• **Aim of the exercise**
Could you output the entries that follow exactly, omitting any pictures they contain?

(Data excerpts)
:::

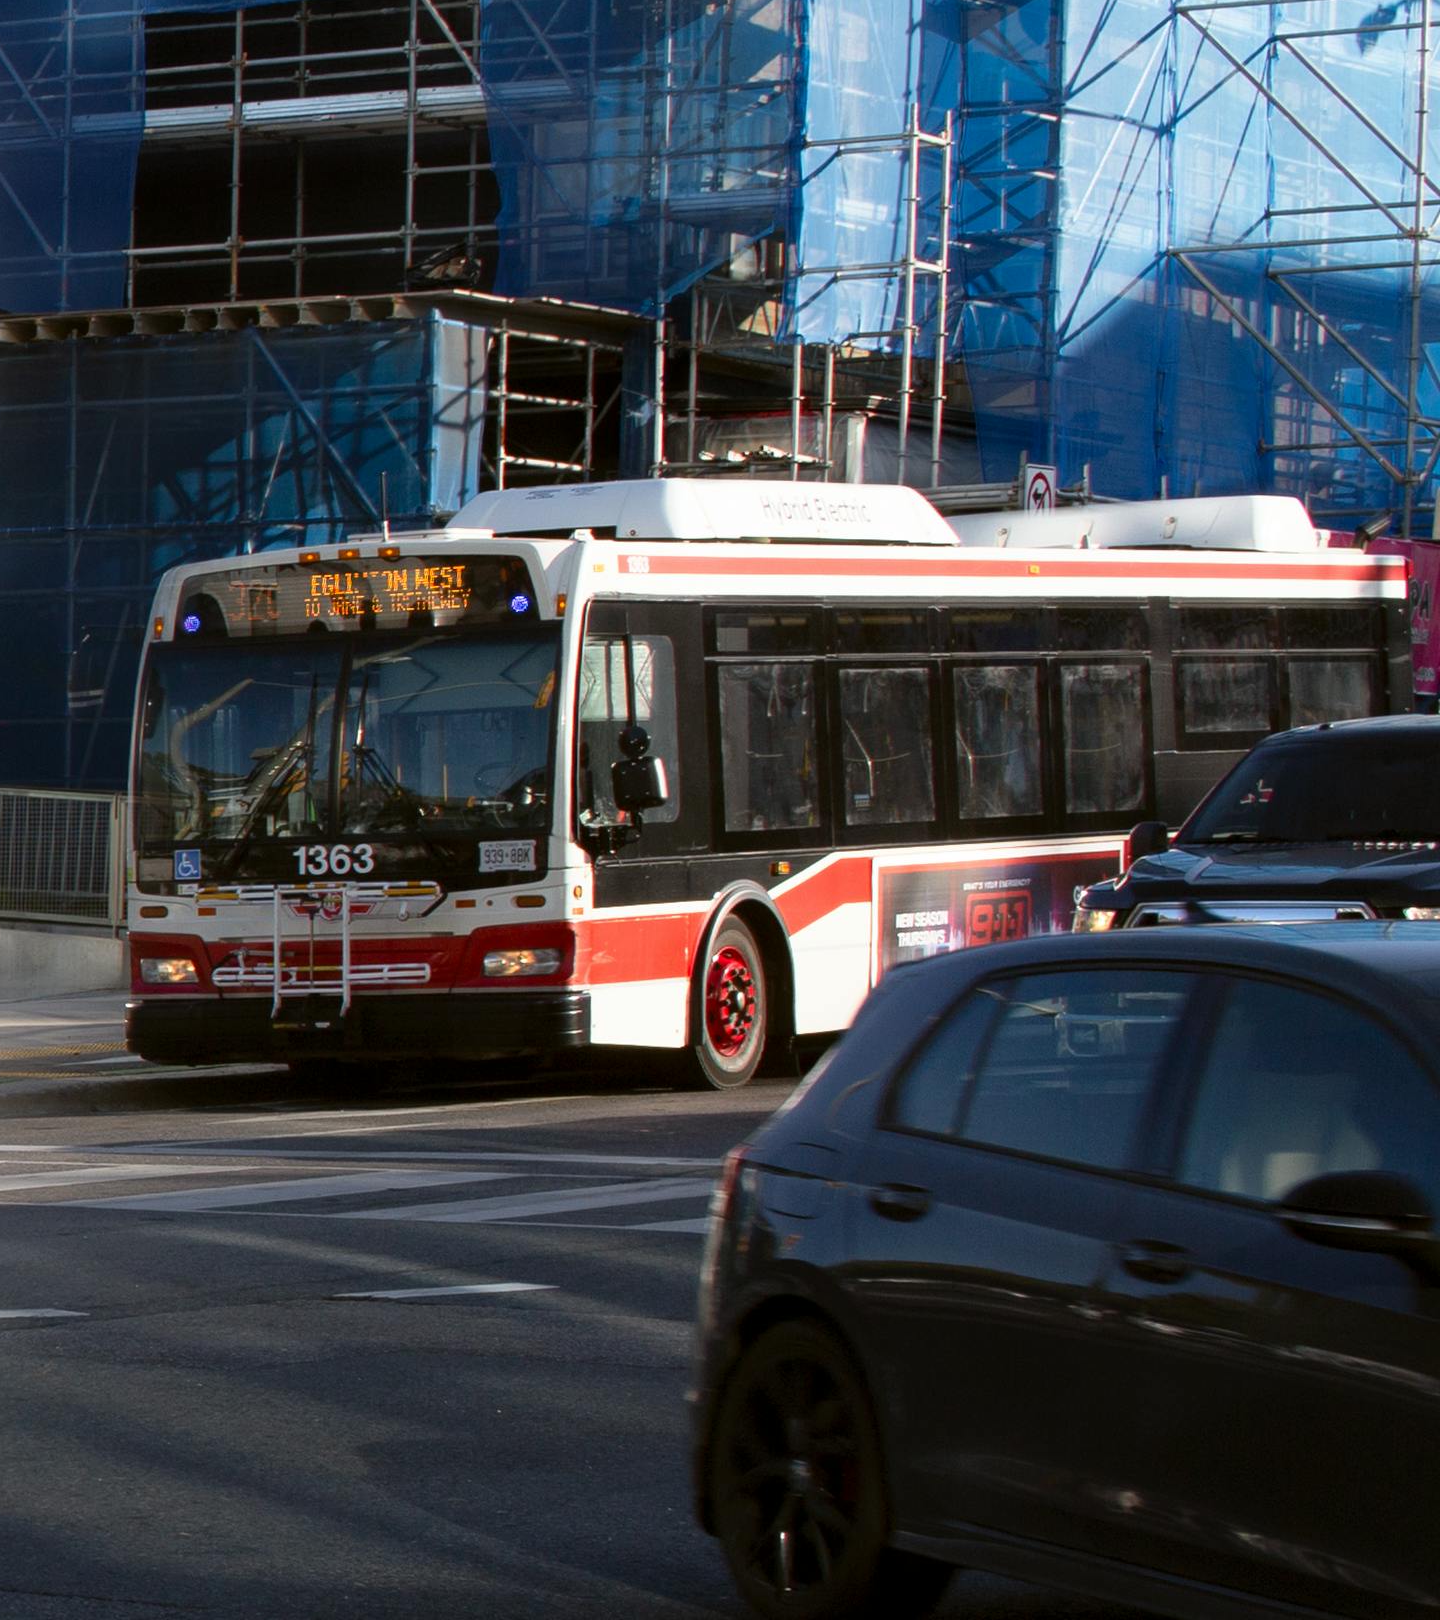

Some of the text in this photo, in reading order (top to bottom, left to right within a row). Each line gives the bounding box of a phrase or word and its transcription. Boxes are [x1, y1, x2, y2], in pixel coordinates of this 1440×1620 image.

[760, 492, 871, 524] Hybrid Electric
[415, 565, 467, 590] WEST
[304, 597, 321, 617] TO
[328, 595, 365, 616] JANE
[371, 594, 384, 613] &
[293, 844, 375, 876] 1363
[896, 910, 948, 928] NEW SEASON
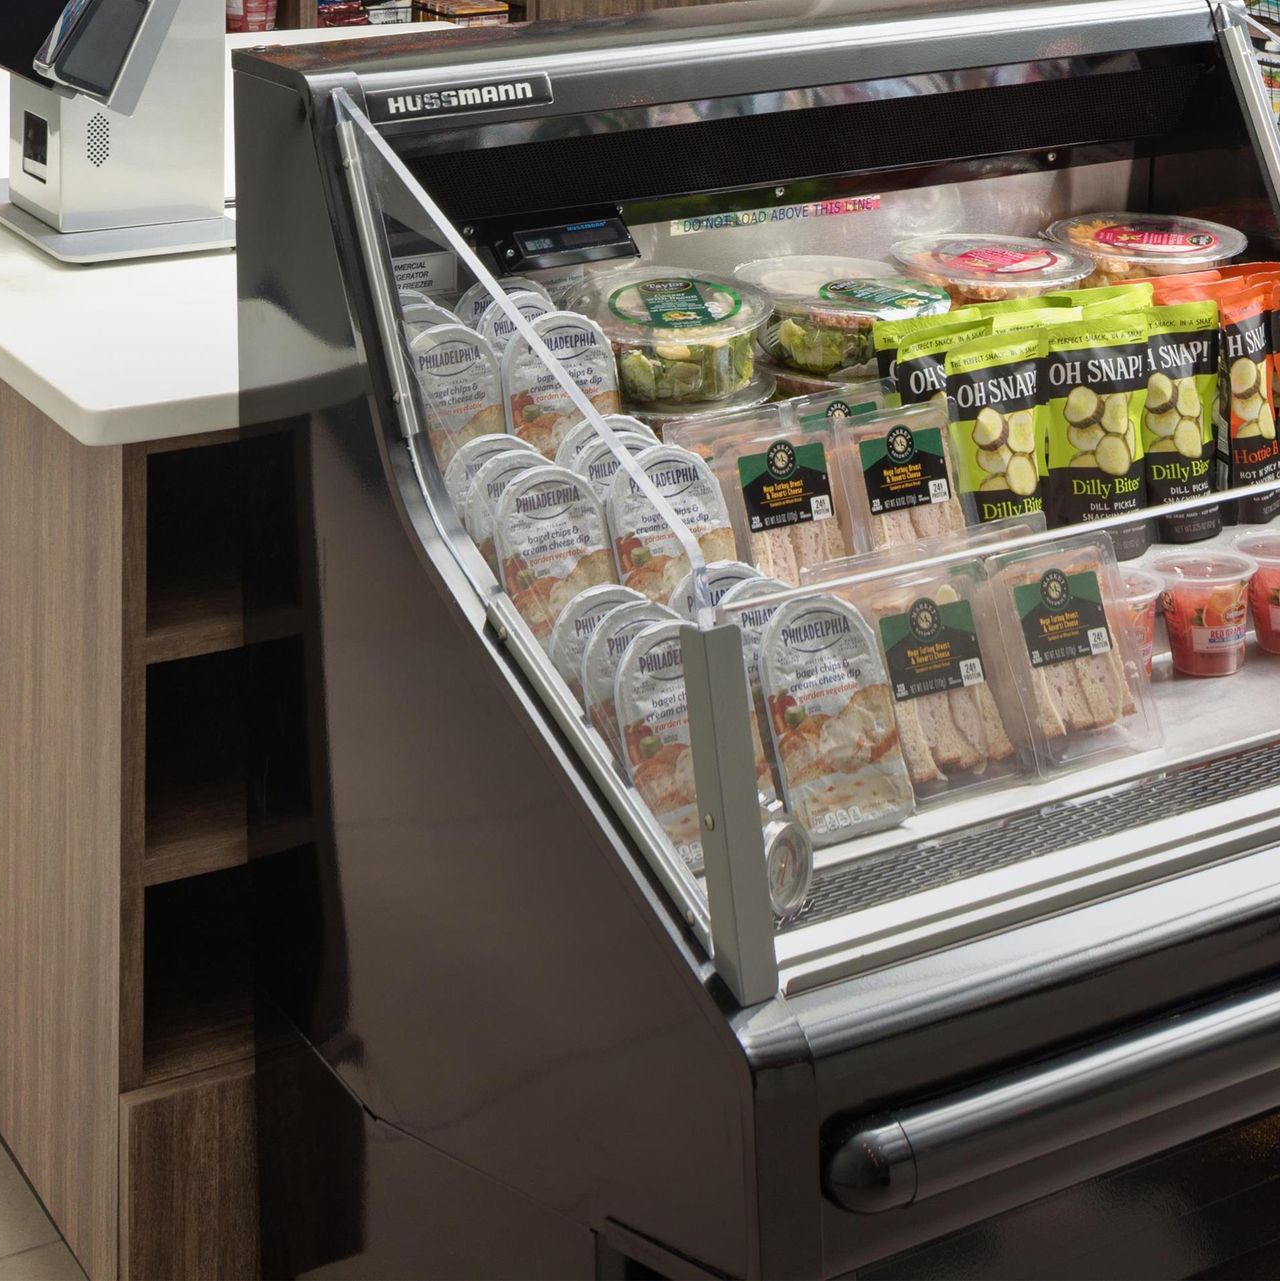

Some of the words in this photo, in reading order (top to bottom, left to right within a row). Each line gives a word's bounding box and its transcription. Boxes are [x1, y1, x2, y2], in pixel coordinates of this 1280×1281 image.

:::

• **Finished exercise**
Some of the text in this photo, in reading order (top to bottom, left to right within a row). Each line gives the bounding box of a phrase or word and its transcription. Boxes are [x1, y1, x2, y2], in pixel coordinates of this 1440×1620 image.

[760, 492, 871, 524] Hybrid Electric
[415, 565, 467, 590] WEST
[304, 597, 321, 617] TO
[328, 595, 365, 616] JANE
[371, 594, 384, 613] &
[293, 844, 375, 876] 1363
[896, 910, 948, 928] NEW SEASON

Some of the words in this photo, in reading order (top to bottom, left to right within a row). Each line gives a word's bounding box and its transcription. Boxes are [x1, y1, x2, y2], in pixel coordinates of this 1280×1281 image.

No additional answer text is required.